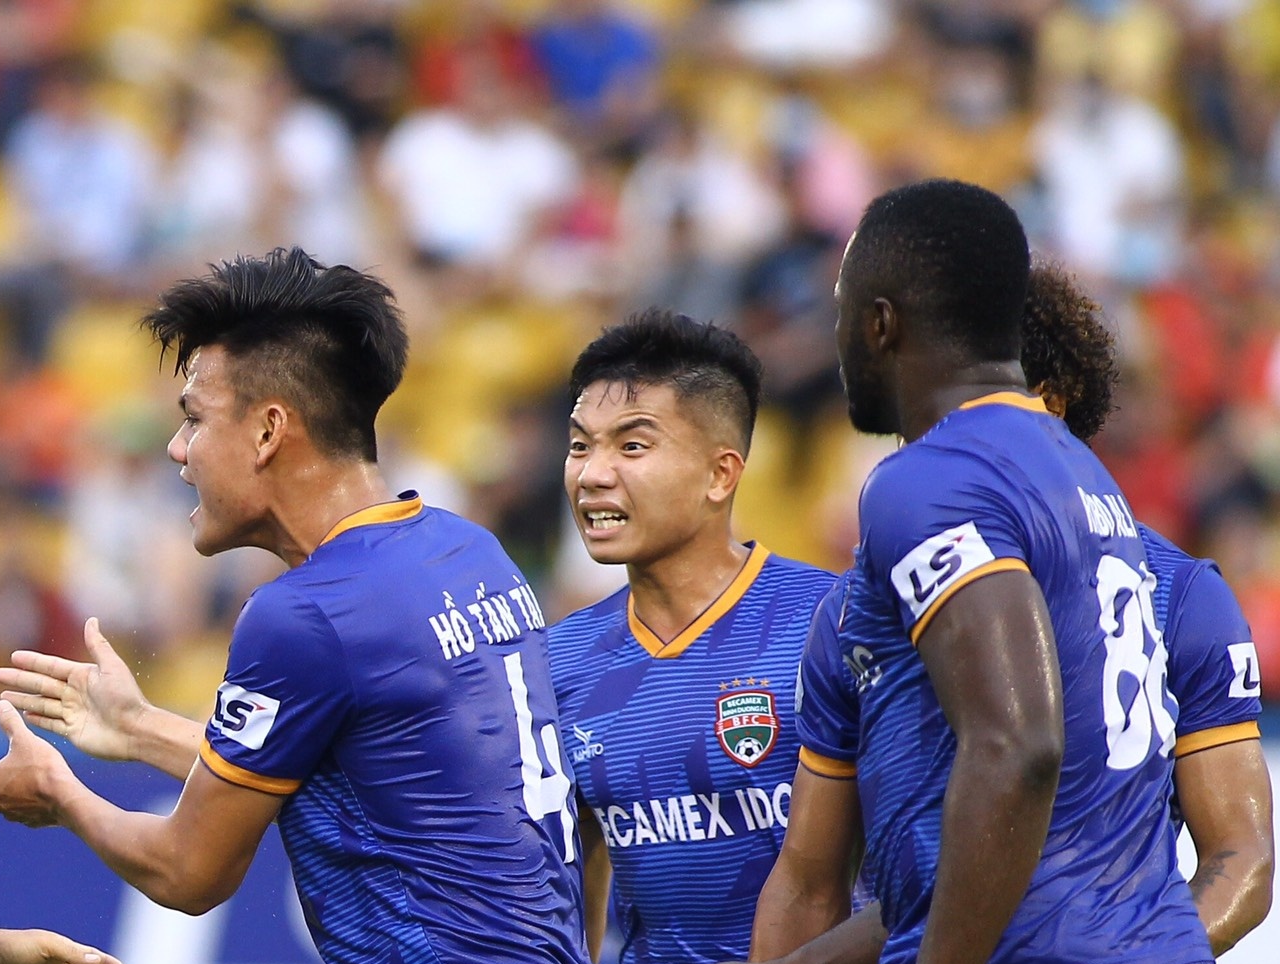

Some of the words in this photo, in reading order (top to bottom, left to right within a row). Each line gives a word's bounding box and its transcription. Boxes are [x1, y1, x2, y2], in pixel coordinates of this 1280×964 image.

[908, 543, 963, 604] LS
[428, 590, 476, 661] HỒ
[466, 581, 521, 646] TẤN
[214, 689, 255, 732] LS
[502, 650, 575, 864] 4
[594, 792, 735, 848] ECAMEX

__What is expected__
For the entries above, return an exact copy that omits the images.

__Written response__
Some of the words in this photo, in reading order (top to bottom, left to right within a row). Each line gives a word's bounding box and its transcription. Boxes are [x1, y1, x2, y2], in pixel coordinates of this 1280×964 image.

[908, 543, 963, 604] LS
[428, 590, 476, 661] HỒ
[466, 581, 521, 646] TẤN
[214, 689, 255, 732] LS
[502, 650, 575, 864] 4
[594, 792, 735, 848] ECAMEX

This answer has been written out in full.